** Your instructions **
After finding the line that includes "Some of the text" in the records below, transcribe it and each line after it through the last, exactly, and add nothing.

• • • • •

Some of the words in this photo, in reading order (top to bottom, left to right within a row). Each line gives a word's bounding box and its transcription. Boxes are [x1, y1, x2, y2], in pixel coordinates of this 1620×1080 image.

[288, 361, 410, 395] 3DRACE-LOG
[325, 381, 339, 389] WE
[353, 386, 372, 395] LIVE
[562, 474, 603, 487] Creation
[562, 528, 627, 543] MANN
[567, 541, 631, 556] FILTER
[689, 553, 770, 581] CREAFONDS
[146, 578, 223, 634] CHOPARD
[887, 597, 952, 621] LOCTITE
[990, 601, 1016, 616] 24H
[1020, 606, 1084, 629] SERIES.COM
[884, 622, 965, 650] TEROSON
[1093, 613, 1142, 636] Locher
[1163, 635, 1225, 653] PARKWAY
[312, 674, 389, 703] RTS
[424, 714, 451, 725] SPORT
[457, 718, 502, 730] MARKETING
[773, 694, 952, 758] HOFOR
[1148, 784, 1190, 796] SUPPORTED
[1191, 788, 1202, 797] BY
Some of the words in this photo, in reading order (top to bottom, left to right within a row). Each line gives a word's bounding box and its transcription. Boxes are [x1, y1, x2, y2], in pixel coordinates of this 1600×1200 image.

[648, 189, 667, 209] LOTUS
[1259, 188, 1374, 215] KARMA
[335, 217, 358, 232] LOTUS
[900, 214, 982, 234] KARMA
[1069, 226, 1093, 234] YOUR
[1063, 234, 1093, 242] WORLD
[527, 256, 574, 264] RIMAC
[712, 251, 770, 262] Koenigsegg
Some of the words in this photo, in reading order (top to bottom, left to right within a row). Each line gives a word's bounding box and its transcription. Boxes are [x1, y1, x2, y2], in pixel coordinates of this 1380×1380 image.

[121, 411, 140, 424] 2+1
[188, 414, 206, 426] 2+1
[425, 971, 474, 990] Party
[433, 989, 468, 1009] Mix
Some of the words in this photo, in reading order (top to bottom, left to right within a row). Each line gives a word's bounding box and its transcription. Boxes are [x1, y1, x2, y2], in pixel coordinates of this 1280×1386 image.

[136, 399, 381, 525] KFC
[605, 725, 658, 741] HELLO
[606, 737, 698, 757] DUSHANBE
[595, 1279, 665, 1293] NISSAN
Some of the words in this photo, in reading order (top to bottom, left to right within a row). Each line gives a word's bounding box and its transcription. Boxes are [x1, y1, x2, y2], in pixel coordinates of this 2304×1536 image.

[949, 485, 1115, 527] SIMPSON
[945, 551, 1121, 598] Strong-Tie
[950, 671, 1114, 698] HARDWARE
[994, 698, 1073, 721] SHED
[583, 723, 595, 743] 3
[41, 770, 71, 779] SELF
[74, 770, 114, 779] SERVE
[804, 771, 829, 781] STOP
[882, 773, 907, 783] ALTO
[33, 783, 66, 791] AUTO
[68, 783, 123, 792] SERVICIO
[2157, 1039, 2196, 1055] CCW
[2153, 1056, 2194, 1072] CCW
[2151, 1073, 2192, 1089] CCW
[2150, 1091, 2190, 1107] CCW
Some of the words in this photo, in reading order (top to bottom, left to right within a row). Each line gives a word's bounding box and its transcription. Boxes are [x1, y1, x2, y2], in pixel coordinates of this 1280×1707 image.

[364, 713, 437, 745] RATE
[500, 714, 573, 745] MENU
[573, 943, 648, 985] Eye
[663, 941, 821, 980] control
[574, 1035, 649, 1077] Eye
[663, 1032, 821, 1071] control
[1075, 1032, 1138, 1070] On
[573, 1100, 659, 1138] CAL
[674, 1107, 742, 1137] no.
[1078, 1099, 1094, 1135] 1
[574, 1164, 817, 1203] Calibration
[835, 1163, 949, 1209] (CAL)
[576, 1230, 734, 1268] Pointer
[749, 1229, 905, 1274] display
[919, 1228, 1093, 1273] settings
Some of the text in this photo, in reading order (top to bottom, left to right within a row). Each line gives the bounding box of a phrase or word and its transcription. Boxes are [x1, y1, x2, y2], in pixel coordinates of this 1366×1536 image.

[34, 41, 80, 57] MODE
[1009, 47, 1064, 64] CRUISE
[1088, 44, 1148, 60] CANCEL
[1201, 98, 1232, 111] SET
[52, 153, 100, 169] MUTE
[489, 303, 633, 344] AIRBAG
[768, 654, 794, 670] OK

• • • • •

** Output of the exercise **
Some of the text in this photo, in reading order (top to bottom, left to right within a row). Each line gives the bounding box of a phrase or word and its transcription. Boxes are [x1, y1, x2, y2], in pixel coordinates of this 1366×1536 image.

[34, 41, 80, 57] MODE
[1009, 47, 1064, 64] CRUISE
[1088, 44, 1148, 60] CANCEL
[1201, 98, 1232, 111] SET
[52, 153, 100, 169] MUTE
[489, 303, 633, 344] AIRBAG
[768, 654, 794, 670] OK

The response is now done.